多次元的貧困尺度については、様々な次元からの情報を単一の数値で結合するスカラー指標を提案する人々と、複数の指標の信頼できるセットによるダッシュボード方式を提案する人々との間で議論がある(フェレリア&ルゴ、2012;Poverty Analysis Discussion Group、2012年)。 剥奪を全体的に見ることは有益であるが、政策の的を正しく絞るために問題を個別に見ることも有益である。 多次元貧困指標のように、複数の側面を組み合わせた指標は、正確に何を測定しているのか、指標に具現化されているトレードオフ、文脈的要因、データや重みの変更に対する暗黙のランキングの感度をより明確にする必要もある(Ravallion, 2010)。 さらに、これらのアプローチのいずれも、多次元貧困における異なる次元の相互依存関係を明らかにするものではないと主張されています(Ferreria & Lugo, 2012)。

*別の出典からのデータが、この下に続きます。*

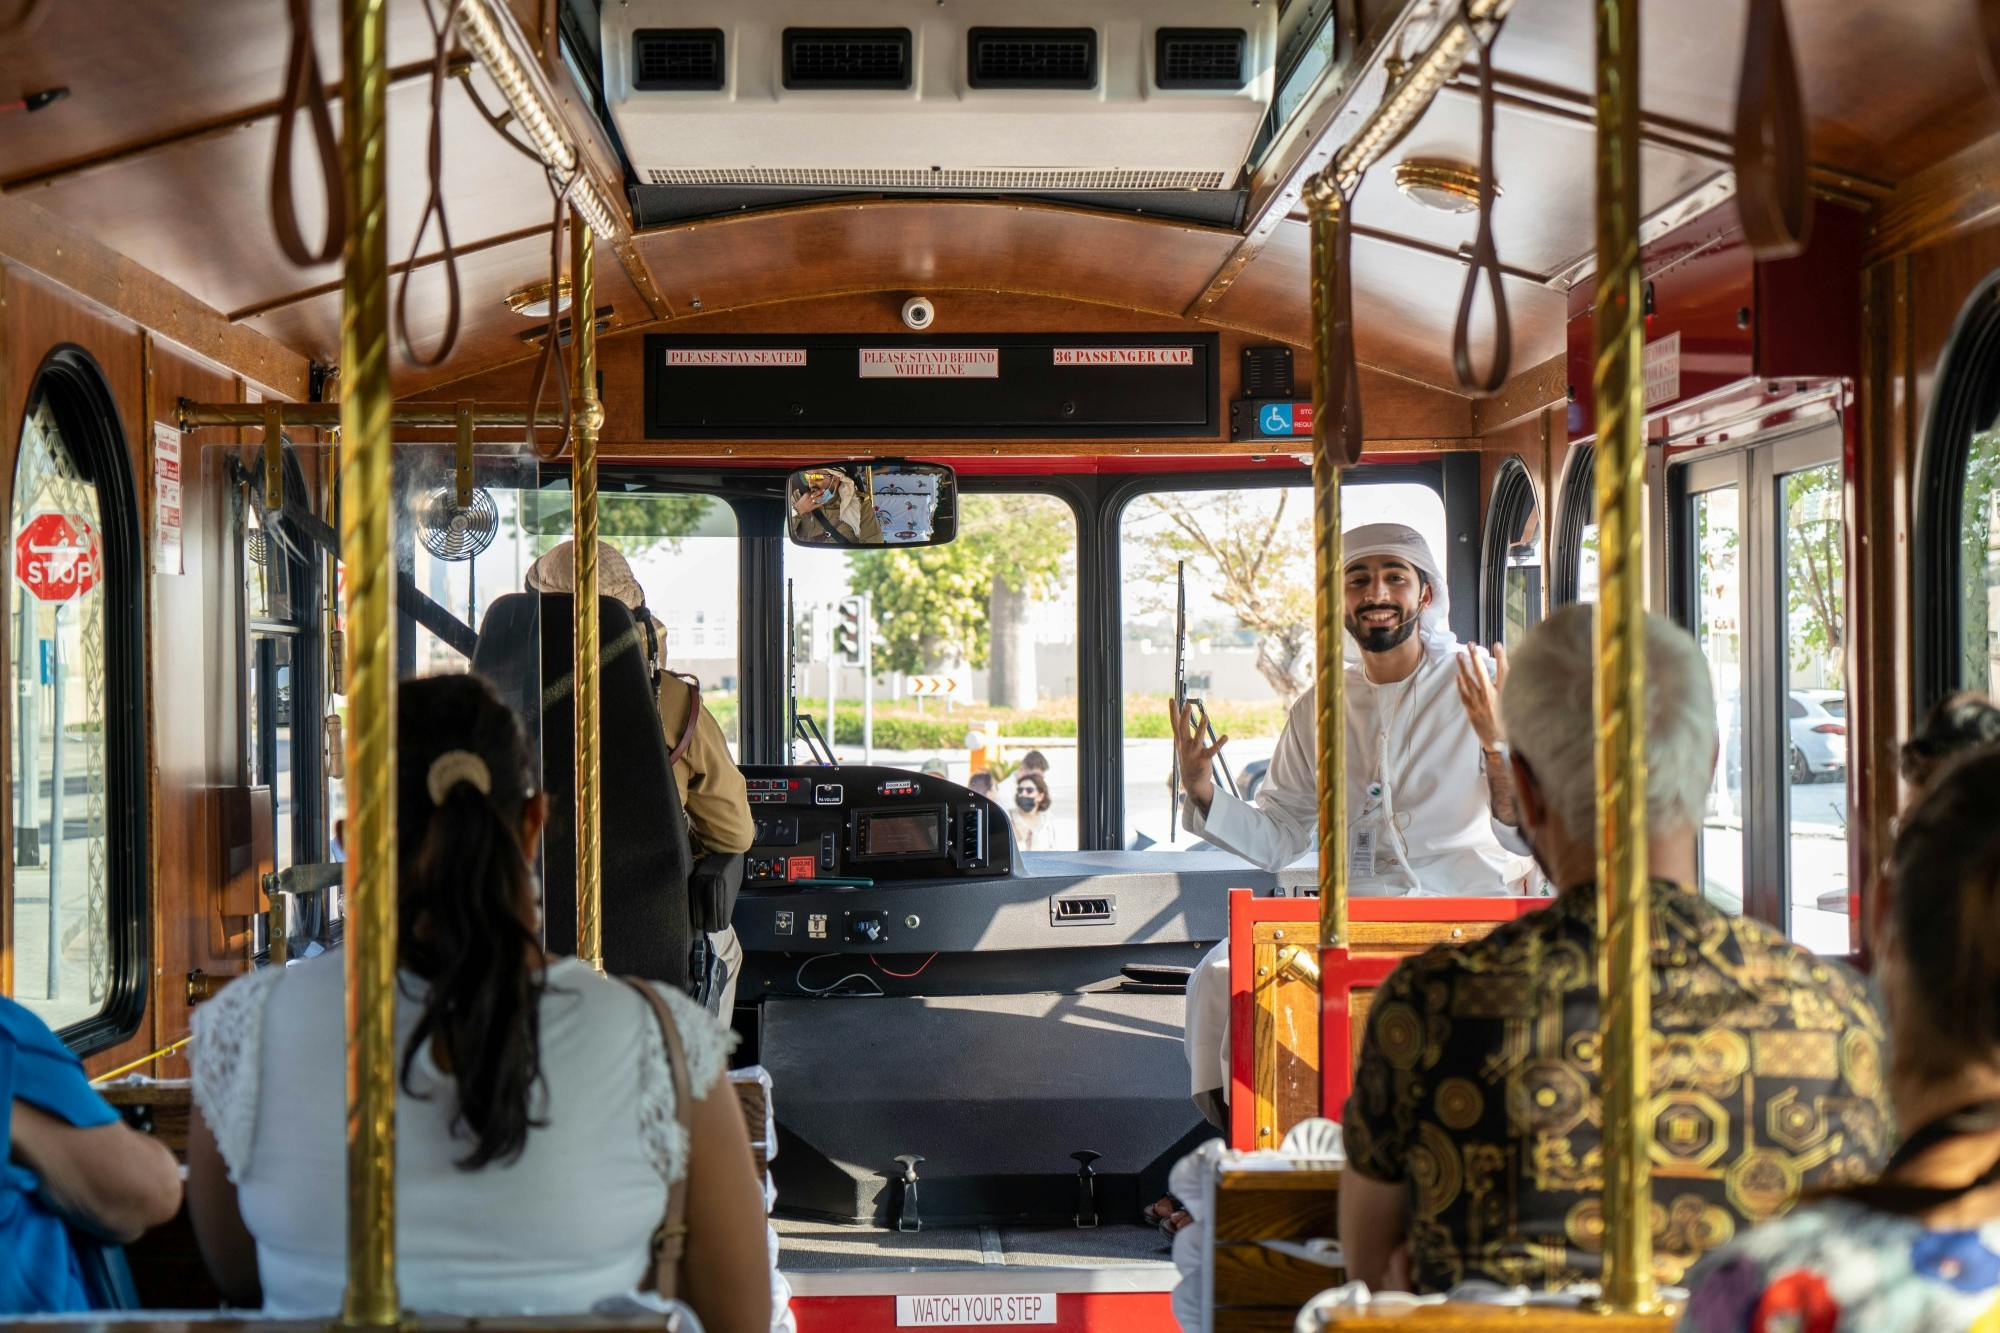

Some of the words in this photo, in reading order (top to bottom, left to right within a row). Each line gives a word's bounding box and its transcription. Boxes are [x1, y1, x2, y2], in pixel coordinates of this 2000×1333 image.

[671, 351, 719, 363] PLEASE
[720, 351, 750, 363] STAY
[754, 351, 802, 363] SEATED
[864, 352, 908, 363] PLEASE
[909, 352, 947, 363] STAND
[950, 352, 995, 363] BEHIND
[1056, 350, 1072, 362] 36
[1076, 350, 1156, 362] PASSENGER
[1160, 350, 1190, 362] CAP.
[894, 364, 935, 375] WHITE
[937, 364, 965, 375] LINE
[28, 561, 91, 584] STOP
[912, 1297, 960, 1323] WATCH
[964, 1297, 1003, 1322] YOUR
[1007, 1296, 1042, 1321] STEP

現在、人間開発報告書で用いられている多次元貧困指数(MPI)は、個人または世帯のレベルから始めて、急性グローバル貧困を測定します。 これは、健康、教育、生活水準という3つの次元における10個の指標のセットを用いて、重複する剥奪を測定し(下の図3参照)、個人または世帯の貧困プロファイルを、重み付けした剥奪スコアで要約するものである。 10の指標のうち3つ以上が該当する貧困カットオフ値を下回っている場合、多次元的貧困と認定されます(Alkire et al.、2013)。 これは、どれだけの人が重複した困窮を経験し、どの程度の強度で(平均してどれだけの困窮に直面しているか)把握するのに役立つ。 各地域で多次元貧困に陥っている人の割合は、表1を参照。
図3:多次元貧困指数の次元と指標
- 健康(各指標は1/6で均等に重み付け)
- 栄養:栄養情報がある大人または子供が栄養不良であれば窮乏
- 子供の死亡率。
- 教育(各指標は1/6で等しく重み付けされている)
- 就学年数:世帯員の中に5年間の就学を終えた者がいなければ剥奪
- 子供の就学状況。 学齢期の子供が1年から8年まで学校に通っていなければ困窮している
- 生活水準(各指標は1/18で等しく重み付け)
- 調理燃料(Cooking fuel)。 調理用燃料:木、炭、糞で調理する場合は困窮
- 衛生:改良型トイレがない、またはトイレが共同である場合は困窮
- 飲料水:清潔な飲料水にアクセスできない、または清潔な水が自宅から徒歩30分以上かかる場合は困窮
- 電気:電気がある場合は困窮
- 床:土、砂、糞の床がある場合
- 資産:ラジオ、テレビ、電話、自転車、バイクのうち一つ以上を所有しておらず、車やトラクターを所有していない場合(Alkire and Santos, 2010, p.
Multidimensional Poverty Index (MPI) 2015+ – a proposal for a new poverty measurement
MPI 2015+はAlkire and Sumner (2013) によってポスト2015年の文脈のために提案されています。 それは、持続可能な開発目標の指標をまとめると同時に、人々がどのように貧しく、どのような不利益を経験しているかを示すために、参加型プロセスを利用するものである。 彼らは、これが貧困の真の実態についてより豊かなイメージを得るのに役立つだろうと論じている。 サンプル国数
10
15.5
12.7
8.0 9.0 9.5
6.4
1.4151.8
20
Latin America and Caribbean
15
15
15 17 15
6.7
8 30.6 7 53.4
50.9
59.6
出所:UNDP,2014,Pより作成. 73
MPIは、1997年から2009年までの人間開発報告書で以前使用されていた人間貧困指数(HPI)に代わるものである。 HPIは、保健、教育、生活水準における総体的な窮乏を反映するために国別平均を使用していたが、個人または世帯レベルでの貧困を測定していなかった。
世界の多次元貧困指数2016は、オックスフォード貧困&人間開発イニシアチブによって集められた102の途上国からの多次元貧困データを提供するものである。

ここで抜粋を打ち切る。